### TASK
Please restate each entry below, word for word.
*****
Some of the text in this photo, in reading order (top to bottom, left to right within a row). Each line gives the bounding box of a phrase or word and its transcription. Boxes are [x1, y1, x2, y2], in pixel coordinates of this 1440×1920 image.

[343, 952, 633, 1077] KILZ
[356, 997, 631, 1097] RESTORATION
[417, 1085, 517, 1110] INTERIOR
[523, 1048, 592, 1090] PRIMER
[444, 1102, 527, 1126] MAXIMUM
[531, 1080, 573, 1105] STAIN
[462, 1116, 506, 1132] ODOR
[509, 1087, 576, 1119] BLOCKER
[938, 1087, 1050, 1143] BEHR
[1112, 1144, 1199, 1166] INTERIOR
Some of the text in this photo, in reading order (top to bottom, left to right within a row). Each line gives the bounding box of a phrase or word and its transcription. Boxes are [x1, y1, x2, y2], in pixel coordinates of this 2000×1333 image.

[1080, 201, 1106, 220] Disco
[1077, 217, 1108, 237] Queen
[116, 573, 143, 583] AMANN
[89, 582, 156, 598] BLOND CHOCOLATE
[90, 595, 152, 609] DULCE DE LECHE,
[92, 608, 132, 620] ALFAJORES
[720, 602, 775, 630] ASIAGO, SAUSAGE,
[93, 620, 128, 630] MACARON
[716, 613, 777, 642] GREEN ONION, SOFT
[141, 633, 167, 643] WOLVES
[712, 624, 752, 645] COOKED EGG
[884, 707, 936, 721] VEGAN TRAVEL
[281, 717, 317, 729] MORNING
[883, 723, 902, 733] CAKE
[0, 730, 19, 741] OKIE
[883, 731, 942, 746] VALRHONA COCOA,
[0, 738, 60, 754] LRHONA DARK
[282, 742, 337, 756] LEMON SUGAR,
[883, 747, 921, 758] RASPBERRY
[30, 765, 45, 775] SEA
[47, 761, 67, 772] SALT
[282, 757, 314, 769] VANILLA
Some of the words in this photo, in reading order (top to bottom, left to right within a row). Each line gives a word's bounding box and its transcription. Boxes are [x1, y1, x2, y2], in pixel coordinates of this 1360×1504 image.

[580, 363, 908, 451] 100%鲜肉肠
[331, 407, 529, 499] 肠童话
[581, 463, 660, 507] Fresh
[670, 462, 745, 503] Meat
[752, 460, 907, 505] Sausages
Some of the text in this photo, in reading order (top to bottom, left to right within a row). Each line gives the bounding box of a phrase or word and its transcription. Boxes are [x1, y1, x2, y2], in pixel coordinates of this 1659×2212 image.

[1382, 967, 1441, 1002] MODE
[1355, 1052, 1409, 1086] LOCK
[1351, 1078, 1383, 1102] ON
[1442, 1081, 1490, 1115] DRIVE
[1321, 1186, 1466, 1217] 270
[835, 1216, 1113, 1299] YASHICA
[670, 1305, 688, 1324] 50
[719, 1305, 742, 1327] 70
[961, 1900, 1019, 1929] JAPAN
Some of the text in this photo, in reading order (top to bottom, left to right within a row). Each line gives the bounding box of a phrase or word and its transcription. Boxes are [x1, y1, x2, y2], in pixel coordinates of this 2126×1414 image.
*****
### EXERCISE RESULT
Some of the text in this photo, in reading order (top to bottom, left to right within a row). Each line gives the bounding box of a phrase or word and its transcription. Boxes are [x1, y1, x2, y2], in pixel coordinates of this 1440×1920 image.

[343, 952, 633, 1077] KILZ
[356, 997, 631, 1097] RESTORATION
[417, 1085, 517, 1110] INTERIOR
[523, 1048, 592, 1090] PRIMER
[444, 1102, 527, 1126] MAXIMUM
[531, 1080, 573, 1105] STAIN
[462, 1116, 506, 1132] ODOR
[509, 1087, 576, 1119] BLOCKER
[938, 1087, 1050, 1143] BEHR
[1112, 1144, 1199, 1166] INTERIOR
Some of the text in this photo, in reading order (top to bottom, left to right within a row). Each line gives the bounding box of a phrase or word and its transcription. Boxes are [x1, y1, x2, y2], in pixel coordinates of this 2000×1333 image.

[1080, 201, 1106, 220] Disco
[1077, 217, 1108, 237] Queen
[116, 573, 143, 583] AMANN
[89, 582, 156, 598] BLOND CHOCOLATE
[90, 595, 152, 609] DULCE DE LECHE,
[92, 608, 132, 620] ALFAJORES
[720, 602, 775, 630] ASIAGO, SAUSAGE,
[93, 620, 128, 630] MACARON
[716, 613, 777, 642] GREEN ONION, SOFT
[141, 633, 167, 643] WOLVES
[712, 624, 752, 645] COOKED EGG
[884, 707, 936, 721] VEGAN TRAVEL
[281, 717, 317, 729] MORNING
[883, 723, 902, 733] CAKE
[0, 730, 19, 741] OKIE
[883, 731, 942, 746] VALRHONA COCOA,
[0, 738, 60, 754] LRHONA DARK
[282, 742, 337, 756] LEMON SUGAR,
[883, 747, 921, 758] RASPBERRY
[30, 765, 45, 775] SEA
[47, 761, 67, 772] SALT
[282, 757, 314, 769] VANILLA
Some of the words in this photo, in reading order (top to bottom, left to right within a row). Each line gives a word's bounding box and its transcription. Boxes are [x1, y1, x2, y2], in pixel coordinates of this 1360×1504 image.

[580, 363, 908, 451] 100%鲜肉肠
[331, 407, 529, 499] 肠童话
[581, 463, 660, 507] Fresh
[670, 462, 745, 503] Meat
[752, 460, 907, 505] Sausages
Some of the text in this photo, in reading order (top to bottom, left to right within a row). Each line gives the bounding box of a phrase or word and its transcription. Boxes are [x1, y1, x2, y2], in pixel coordinates of this 1659×2212 image.

[1382, 967, 1441, 1002] MODE
[1355, 1052, 1409, 1086] LOCK
[1351, 1078, 1383, 1102] ON
[1442, 1081, 1490, 1115] DRIVE
[1321, 1186, 1466, 1217] 270
[835, 1216, 1113, 1299] YASHICA
[670, 1305, 688, 1324] 50
[719, 1305, 742, 1327] 70
[961, 1900, 1019, 1929] JAPAN
Some of the text in this photo, in reading order (top to bottom, left to right within a row). Each line gives the bounding box of a phrase or word and its transcription. Boxes are [x1, y1, x2, y2], in pixel coordinates of this 2126×1414 image.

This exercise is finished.